ROMA - Si inasprisce il giro di vite del ministero dell'Istruzione contro i bulli. I tecnici di viale Trastevere stanno infatti preparando un regolamento di coordinamento delle norme sulla valutazione, ovvero un decreto che dovrà definire con ancor più chiarezza come giudicare, in particolare, il comportamento. E, in base alle anticipazioni fornite in una nota dallo steso ministero, sarà data mano libera alle scuole su come e quando assegnare il 5 in condotta. Voto che, con le nuove norme volute dal ministro Mariastella Gelmini, comporta sostanzialmente la bocciatura.

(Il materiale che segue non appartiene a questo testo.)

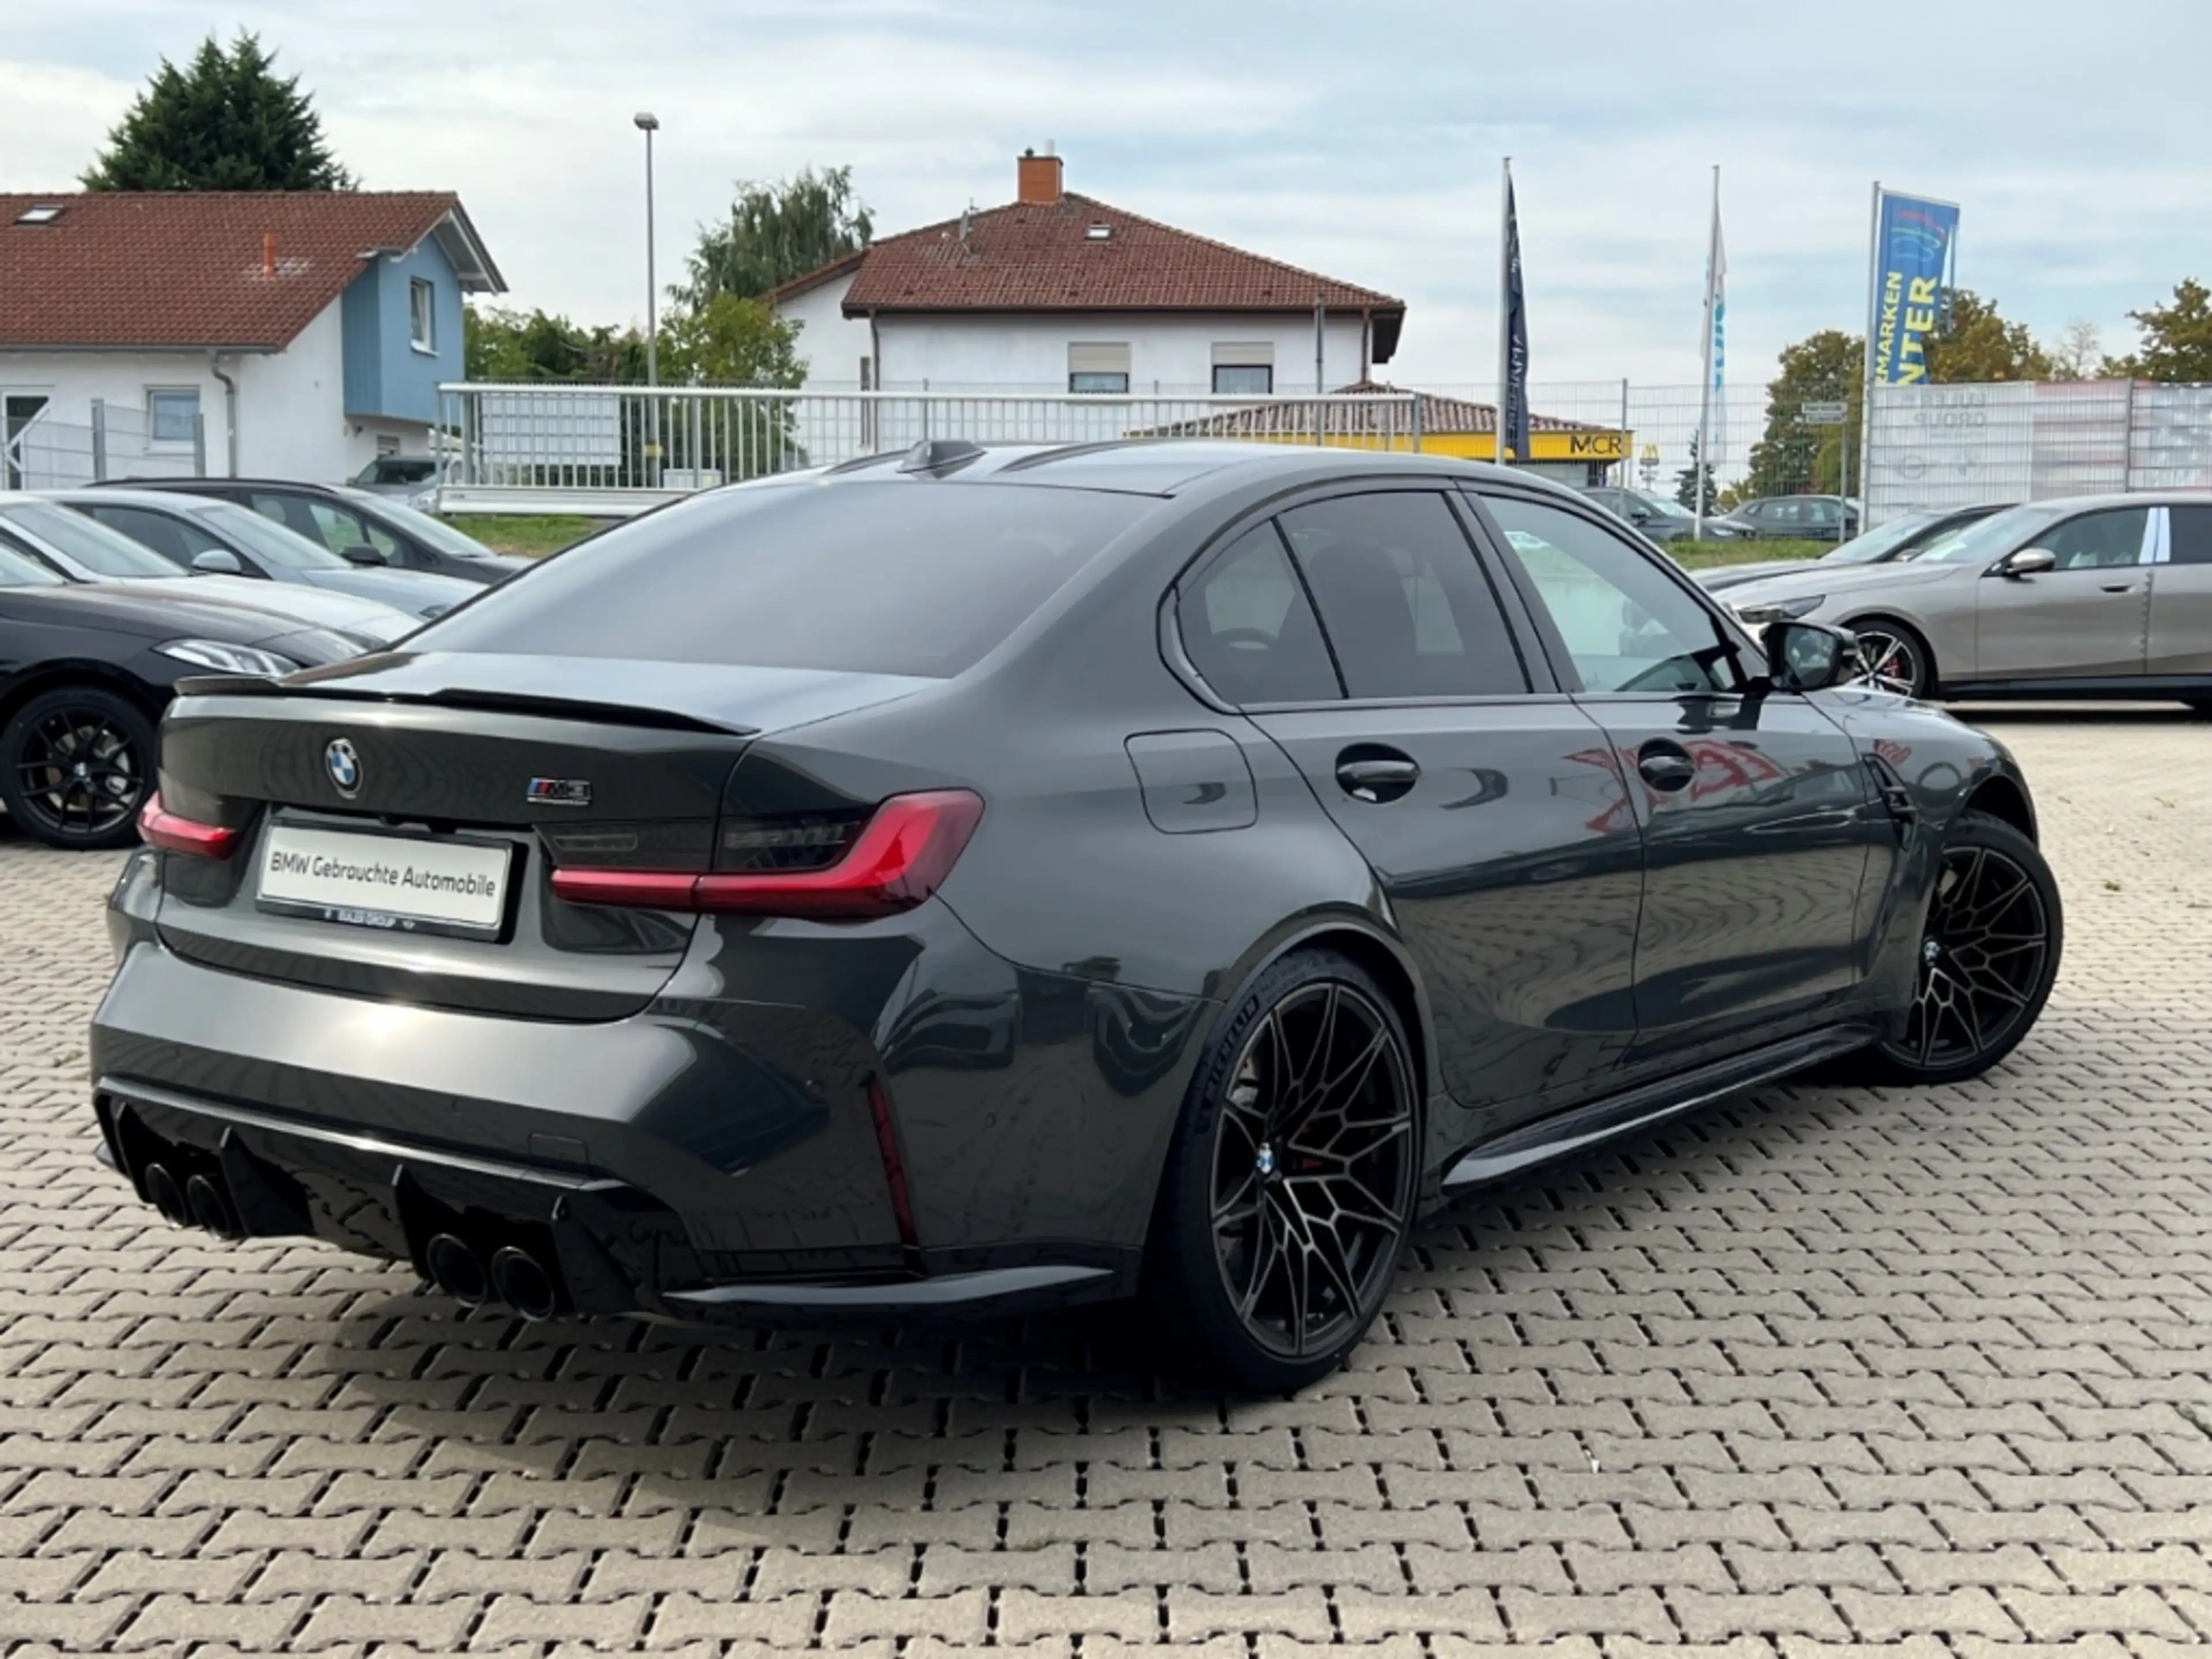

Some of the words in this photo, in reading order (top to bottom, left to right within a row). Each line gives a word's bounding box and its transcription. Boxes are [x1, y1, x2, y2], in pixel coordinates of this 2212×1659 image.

[1570, 435, 1622, 454] MCR
[271, 851, 310, 874] BMW
[313, 856, 398, 885] Gebrauchte
[402, 866, 496, 897] Automobile
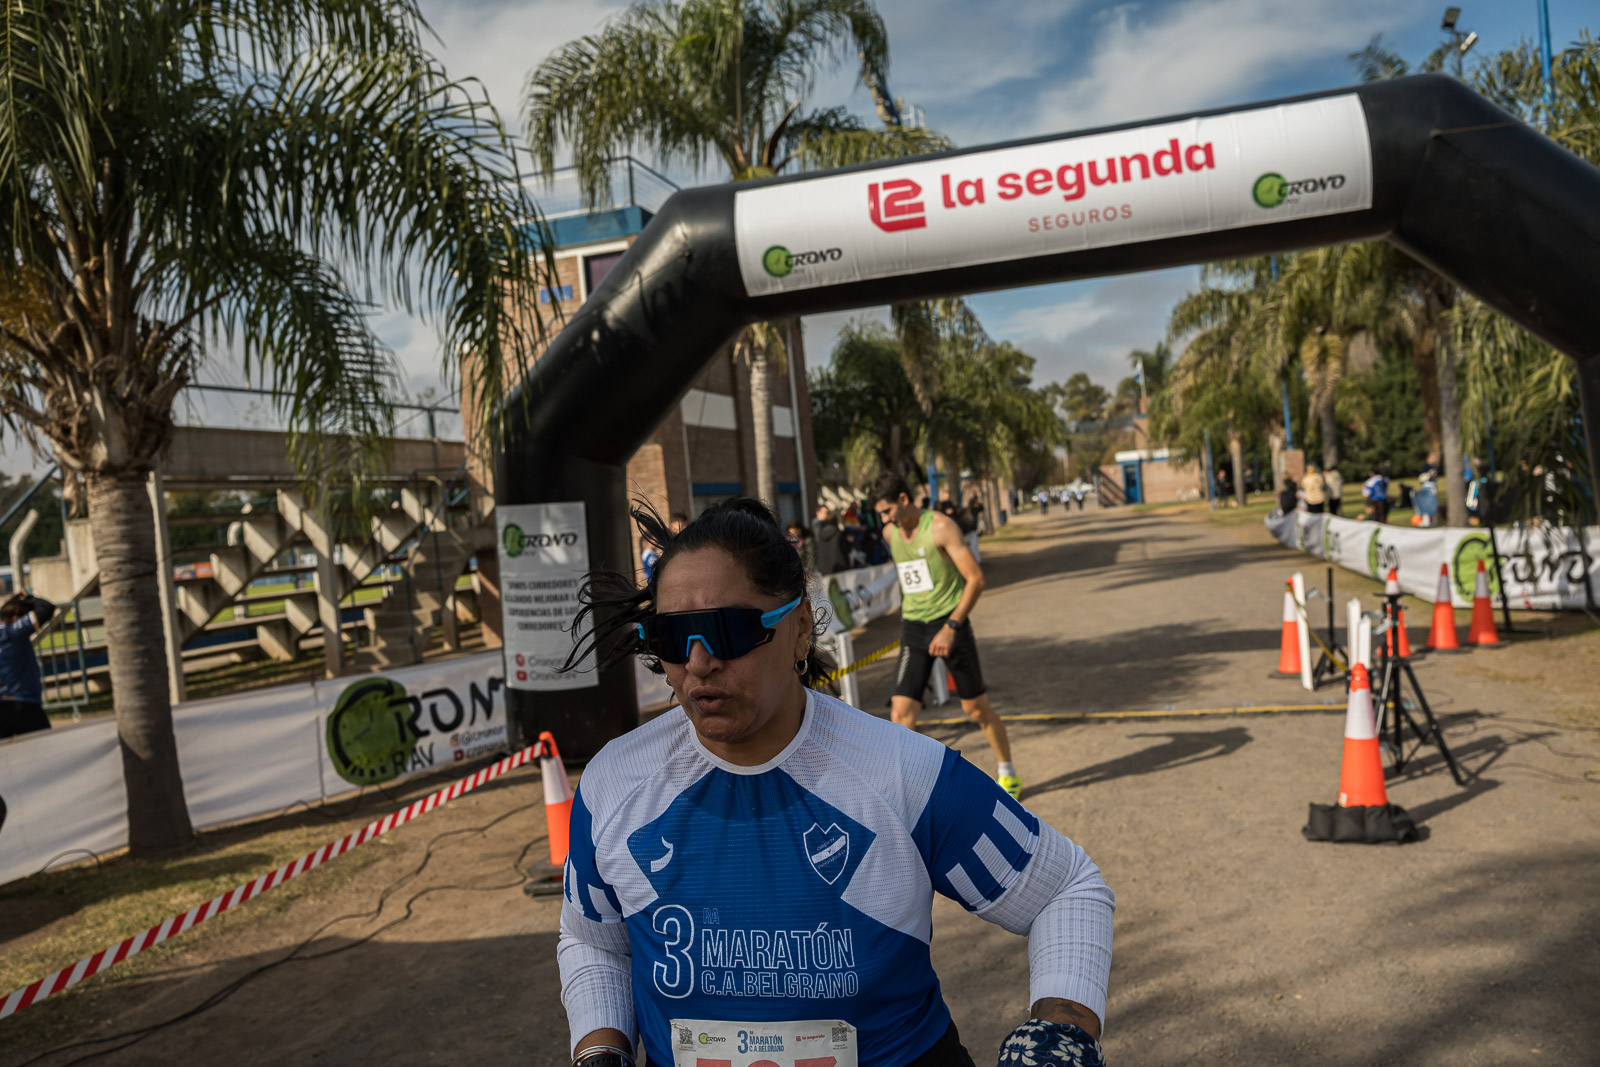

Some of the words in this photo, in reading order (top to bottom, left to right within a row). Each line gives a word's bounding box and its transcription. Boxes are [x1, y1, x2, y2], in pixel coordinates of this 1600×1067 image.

Dal ministero spiegano che, in pratica, "sarà data maggiore libertà alle scuole di decidere in autonomia quando assegnare il 5 in condotta. In merito, il limite dei 15 giorni di sospensione per l'attribuzione dell'insufficienza, contenuto nel decreto sulla valutazione del comportamento emanato lo scorso 16 gennaio, potrebbe essere eliminato già a partire dagli scrutini del secondo quadrimestre. Dunque, la sospensione non sarà più vincolante per l'assegnazione dell'insufficienza. "Con il regolamento allo studio dei tecnici del ministero- continua la nota- le norme contenute nel decreto del 16 gennaio n. 5 (quello sul voto in condotta, ndr) saranno meglio qualificate, anche alla luce dei nuovi e gravi fatti di violenza a scuola che si stanno registrando in questi giorni".